Измеряйте уровни дифлуоресценции для всех образцов с помощью термоамплификатора QPCR. Для каждого образца. Разделите интенсивность флуоресценции красителя, связывающего ДНК D DS, на интенсивность флуоресценции референсного красителя.

Вычтите фоновую флуоресценцию или нормализованную флуоресценцию контроля без шаблона из всех образцов. Создание линейной стандартной кривой с использованием корректирующих флуоресцентных измерений из стандартов. Контрольный стандарт без матрицы представляет собой флуоресценцию для образца с 0% флуоресцентных капель и высокой концентрацией матрицы.

Измерение флуоресценции — это ожидаемая флуоресценция для образца со 100% флуоресцентными каплями с использованием соответствующей стандартной кривой. Прогнозирование промежуточных соотношений положительных и отрицательных капель на основе их объемной флуоресценции. В этом методе используется обычный прибор для ПЦР в реальном времени для измерения объемной флуоресценции цифровых анализов на основе капель.

Флуоресцентные и нефлуоресцентные капли предварительно смешивали в различных соотношениях, и сравнивали объемную флуоресценцию и фракцию положительных капель. Как и ожидалось, объемная флуоресценция и количество положительных капель линейно масштабируются в зависимости от входной доли флуоресцентных капель. Прогнозируемые соотношения, основанные на стандартах, сравнивались с ожидаемыми флуоресцентными входными фракциями.

Линия указывает на математическое ожидание при заданной линейной зависимости. Результаты показывают хорошую производительность при количественном определении соотношения капель в двух логарифмах динамического диапазона. Для апробации этого метода в реальном количественном анализе амплификации всего генома, уровней флуоресценции и фракций положительных капель цифровой капли.

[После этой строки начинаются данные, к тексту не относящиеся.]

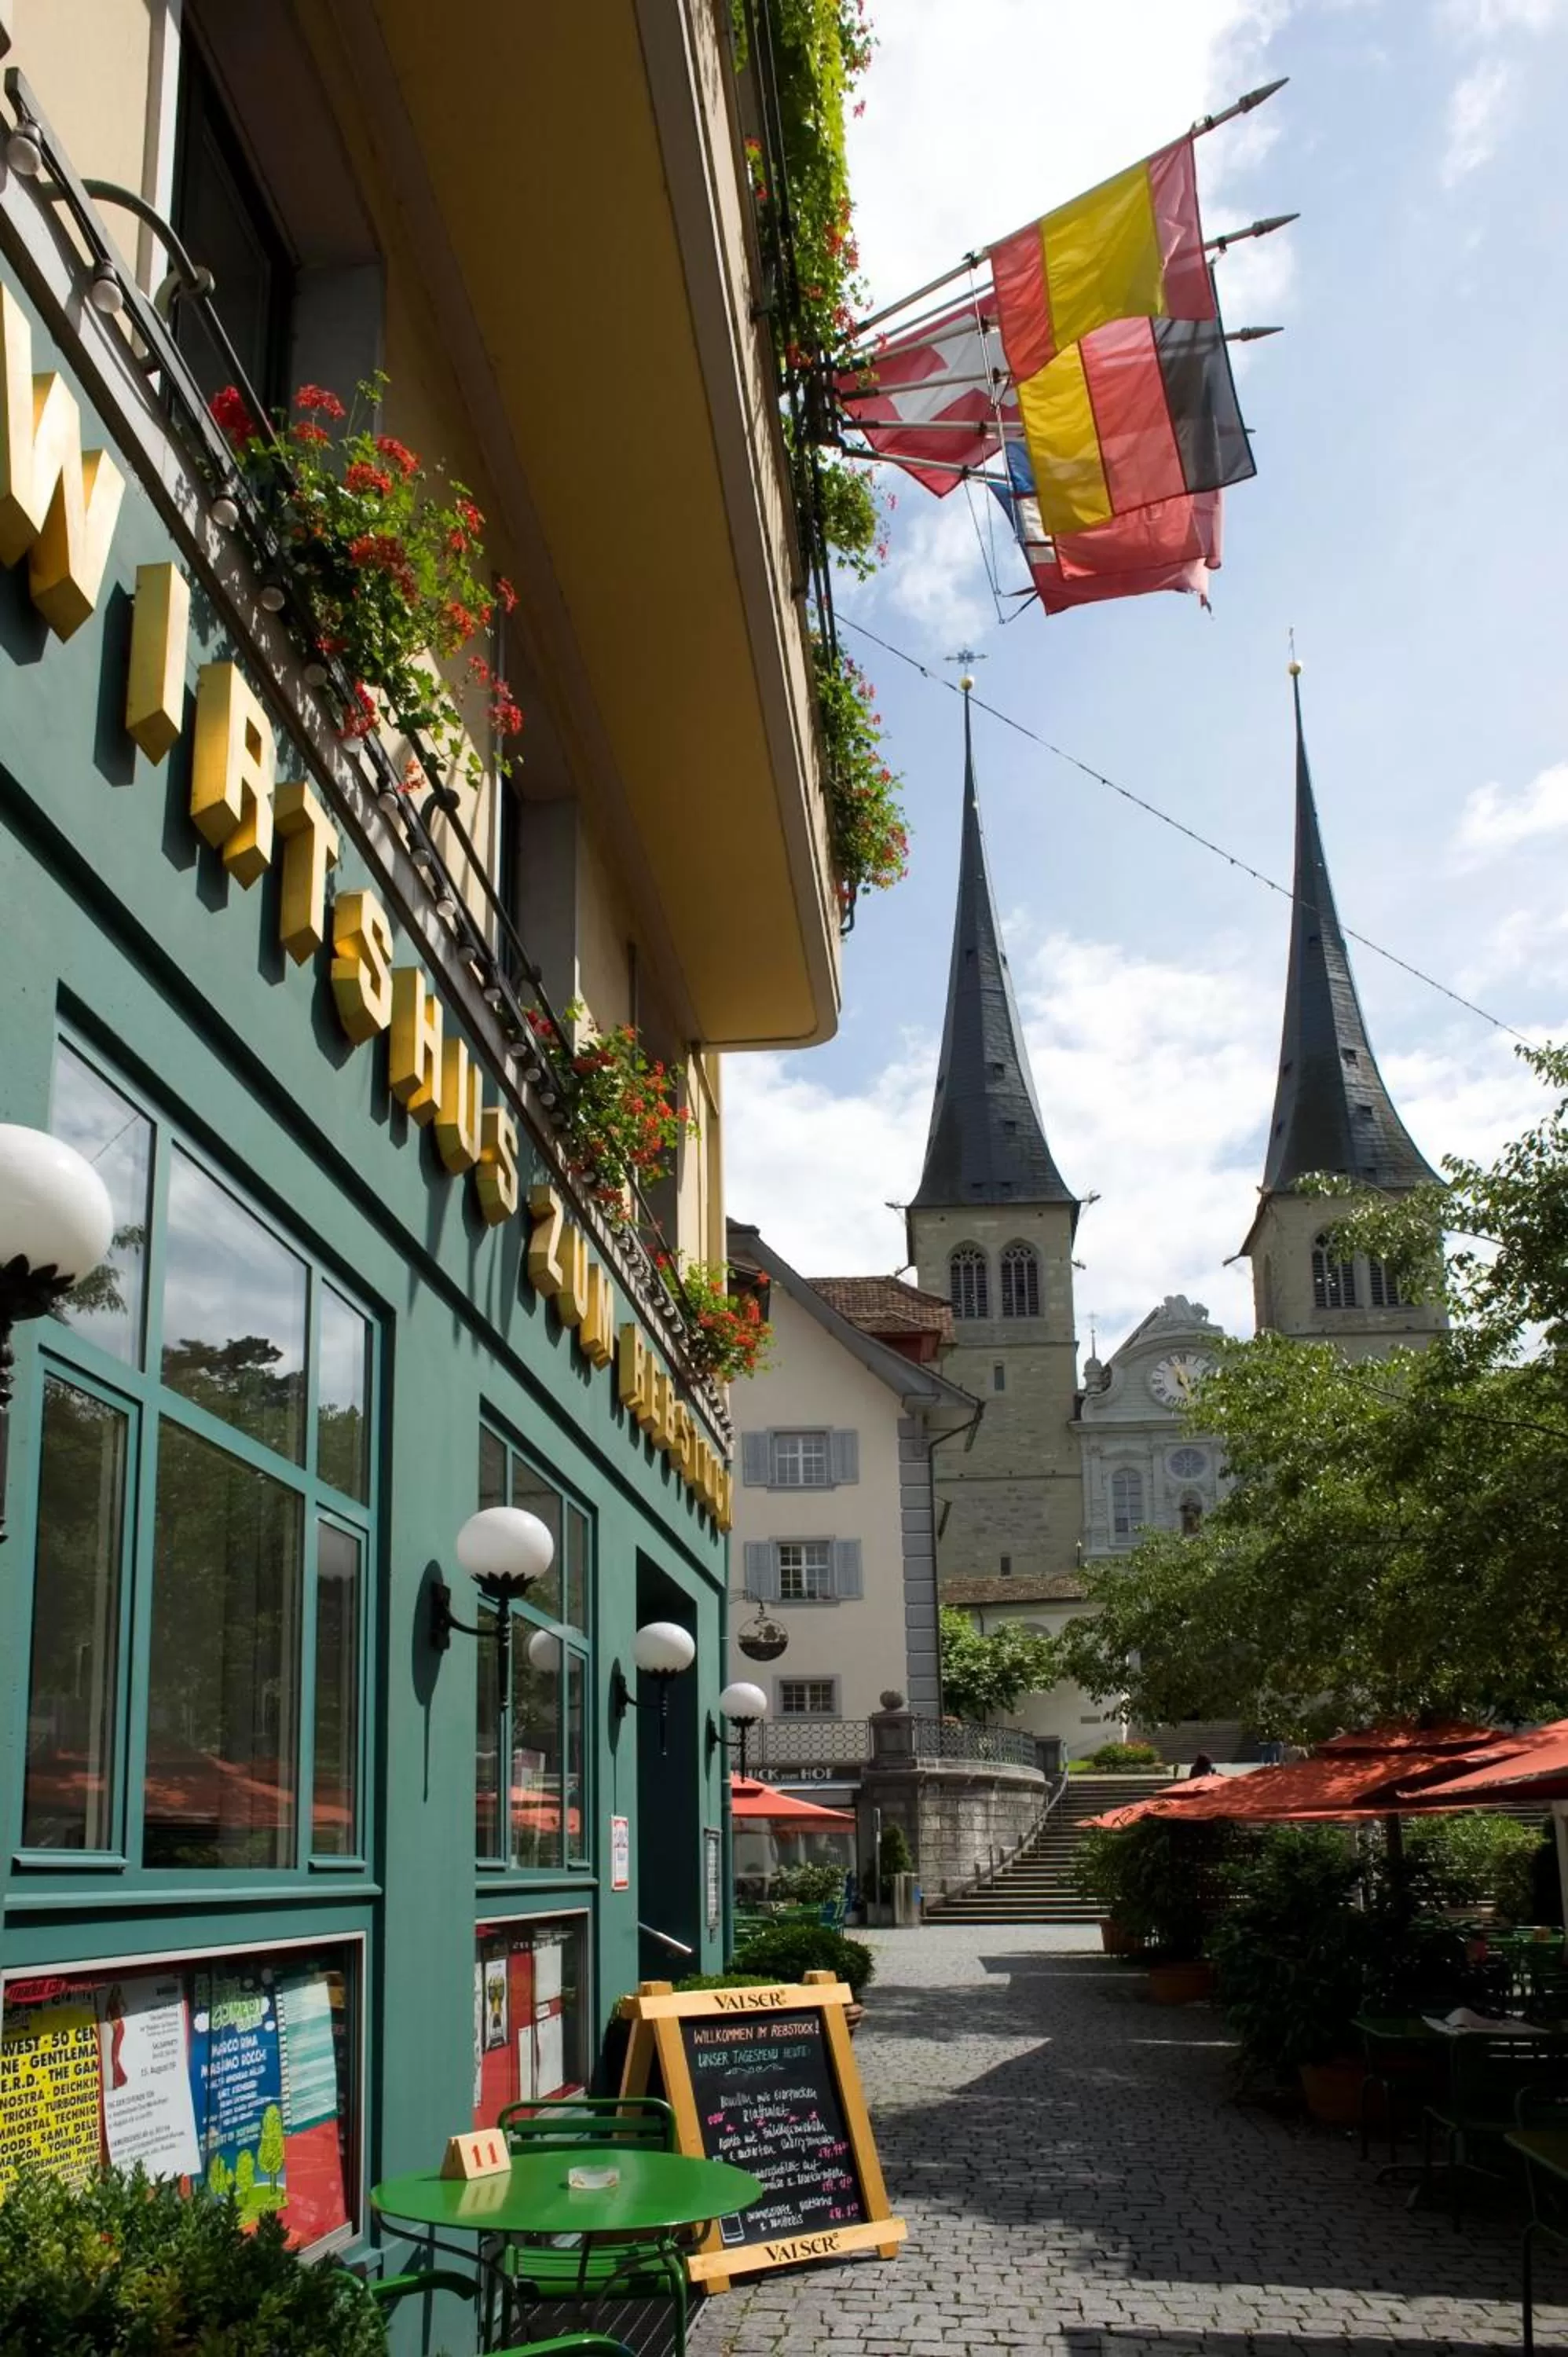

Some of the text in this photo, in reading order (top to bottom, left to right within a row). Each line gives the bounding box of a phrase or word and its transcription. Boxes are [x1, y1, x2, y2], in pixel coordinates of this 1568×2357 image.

[0, 281, 733, 1533] WIRTSHUS ZUM REBSTOCK
[2, 2036, 40, 2058] WEST
[52, 2030, 69, 2048] 50
[693, 2026, 754, 2044] WILLKOMMEN
[757, 2025, 768, 2039] IM
[1, 2044, 97, 2075] NE GENTLEMA
[698, 2051, 729, 2068] UNSER
[1, 2073, 39, 2094] E.R.D.
[49, 2066, 69, 2082] THE
[0, 2089, 45, 2110] NOSTRA
[3, 2106, 38, 2124] TRICKS
[1, 2136, 31, 2155] OODS
[41, 2127, 70, 2144] SAMY
[49, 2135, 82, 2152] YOUNG
[471, 2142, 498, 2168] 11

Измеряли анализ MDA с увеличением концентраций матричной ДНК Lambda. Линией обозначена ожидаемая флуоресцентная фракция с использованием распределения пуассанса для моделирования данных эксперимента. Репрезентативные флуоресцентные изображения капель демонстрируются как в объемной флуоресцентной, так и в положительной фракции капель из цифровых образцов MDA, как и ожидалось, с использованием среднего шаблона на каплю, что указывает на то, что объемное считывание может точно отражать результат цифрового анализа.

Этот метод может принести пользу другим цифровым анализам, таким как цифровая ПЦР, за счет ускорения распараллеливания и упрощения считывания анализа.